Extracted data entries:
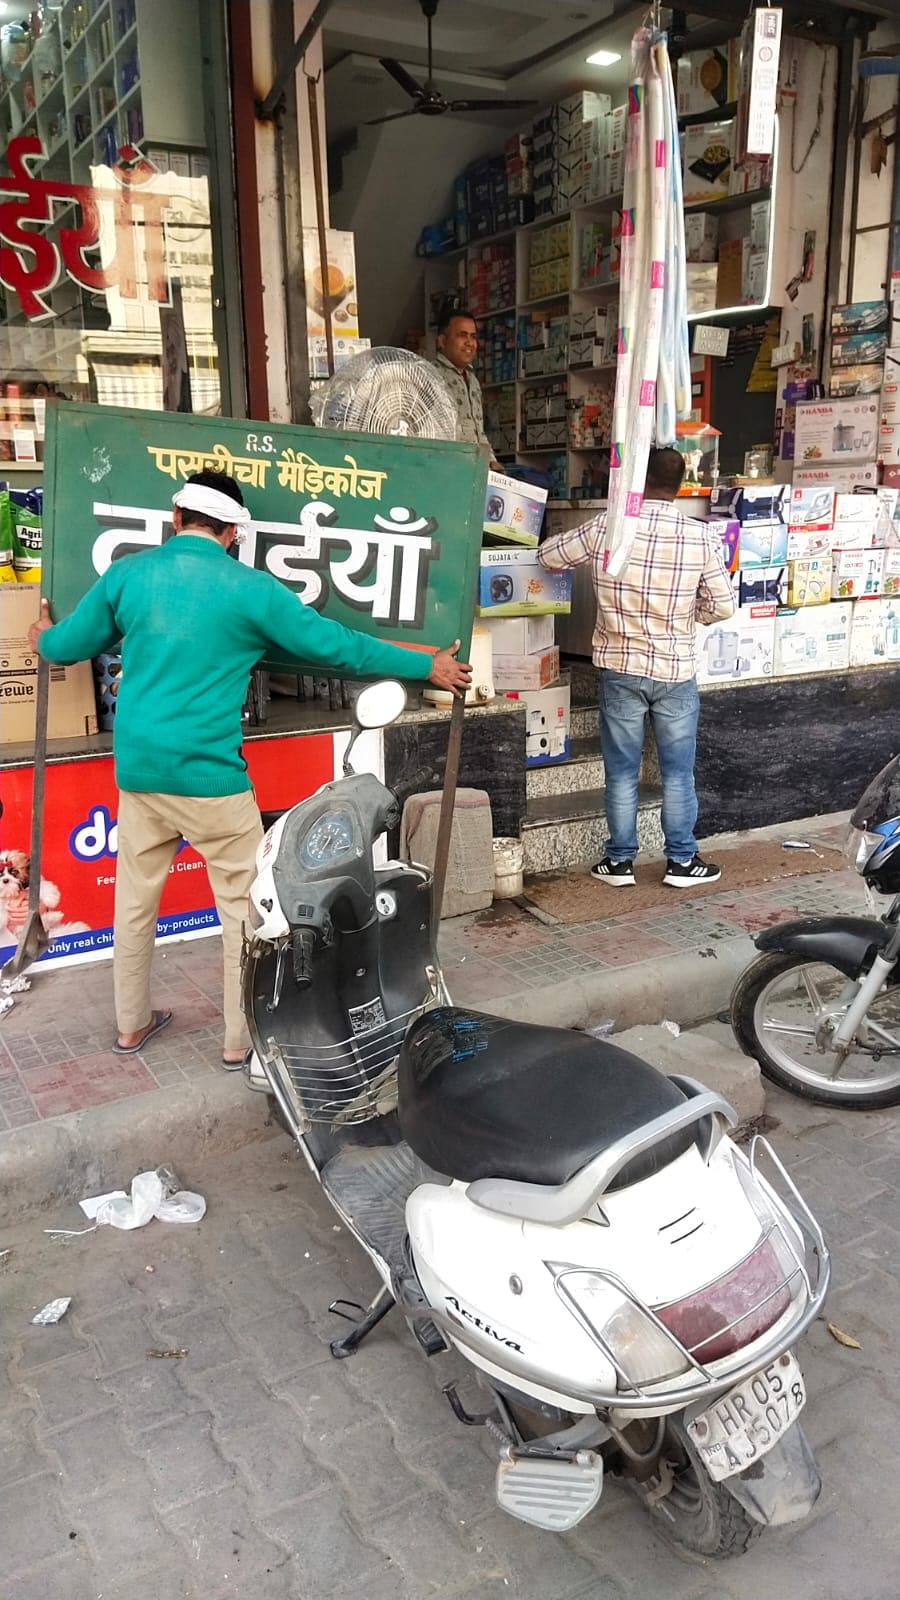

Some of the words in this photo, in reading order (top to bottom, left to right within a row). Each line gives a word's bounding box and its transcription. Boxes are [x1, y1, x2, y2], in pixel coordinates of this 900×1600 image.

[488, 554, 511, 562] SUJATA
[177, 861, 207, 872] Clean.
[47, 941, 71, 954] Only
[74, 936, 95, 949] real
[157, 914, 215, 933] by-products
[444, 1296, 525, 1355] Activa
[716, 1395, 753, 1436] HR
[751, 1364, 783, 1405] 05
[706, 1442, 722, 1457] IND
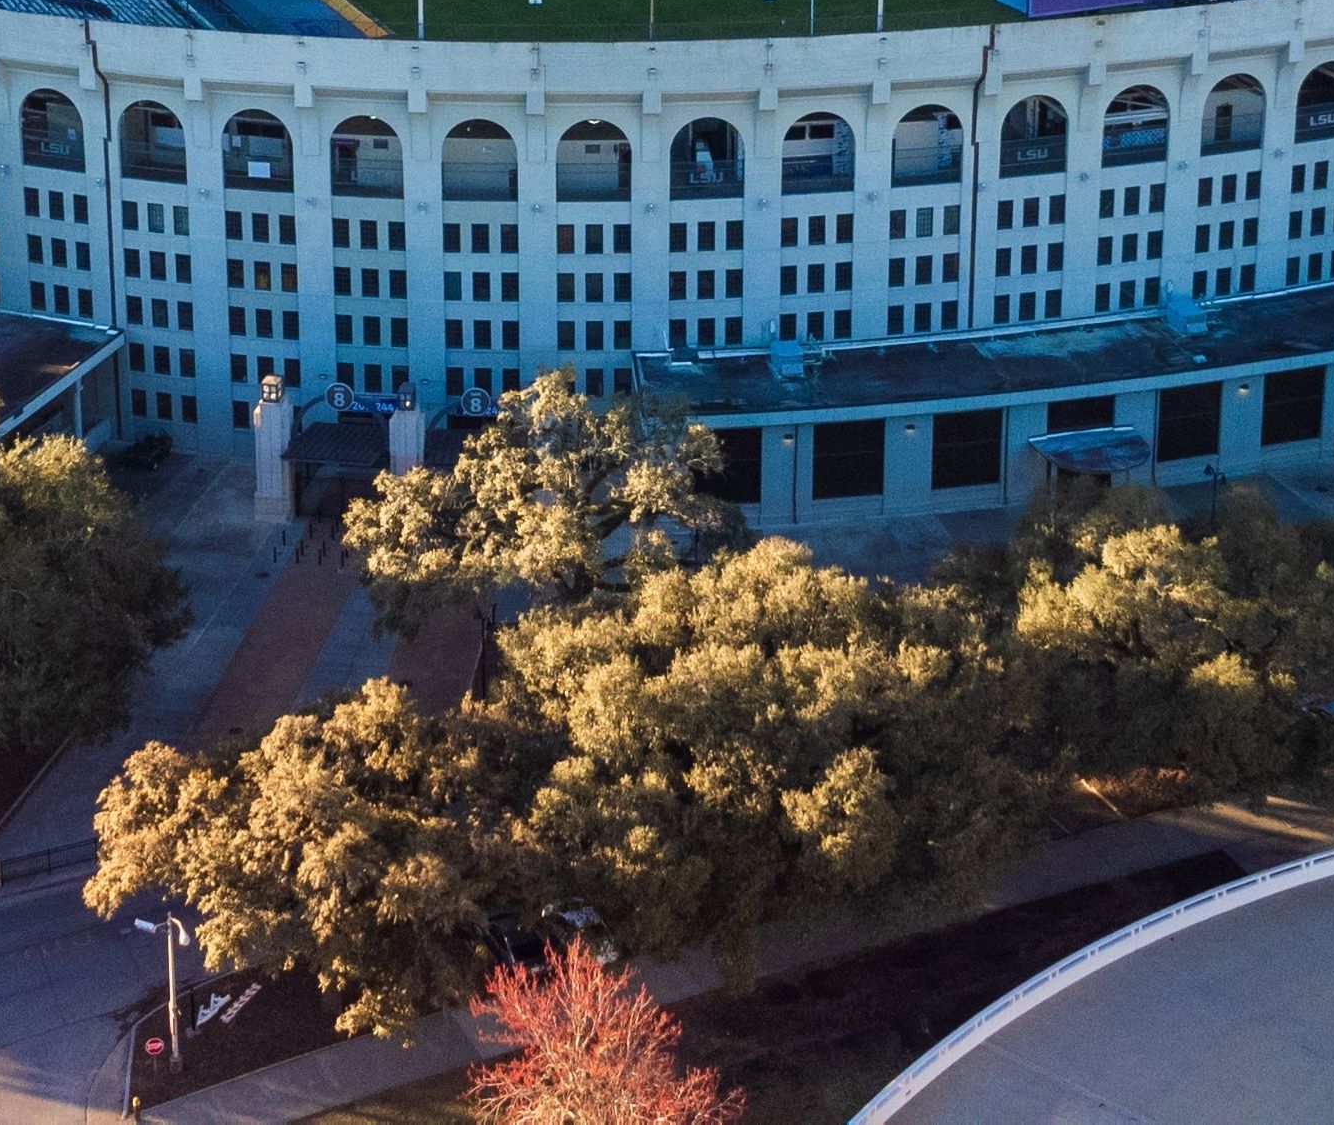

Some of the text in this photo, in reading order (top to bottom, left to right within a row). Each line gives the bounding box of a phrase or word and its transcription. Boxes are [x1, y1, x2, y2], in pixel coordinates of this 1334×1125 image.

[40, 141, 70, 156] LSU
[1016, 147, 1048, 162] LSU
[334, 392, 345, 407] 8
[470, 397, 482, 412] 8

WORK REQUEST: Excluding pictures, print all lines above exactly.

EXPECTED ANSWER:
Some of the words in this photo, in reading order (top to bottom, left to right within a row). Each line gives a word's bounding box and its transcription. Boxes are [x1, y1, x2, y2], in pixel coordinates of this 900×1600 image.

[488, 554, 511, 562] SUJATA
[177, 861, 207, 872] Clean.
[47, 941, 71, 954] Only
[74, 936, 95, 949] real
[157, 914, 215, 933] by-products
[444, 1296, 525, 1355] Activa
[716, 1395, 753, 1436] HR
[751, 1364, 783, 1405] 05
[706, 1442, 722, 1457] IND

Some of the text in this photo, in reading order (top to bottom, left to right within a row). Each line gives the bounding box of a phrase or word and its transcription. Boxes are [x1, y1, x2, y2], in pixel coordinates of this 1334×1125 image.

[40, 141, 70, 156] LSU
[1016, 147, 1048, 162] LSU
[334, 392, 345, 407] 8
[470, 397, 482, 412] 8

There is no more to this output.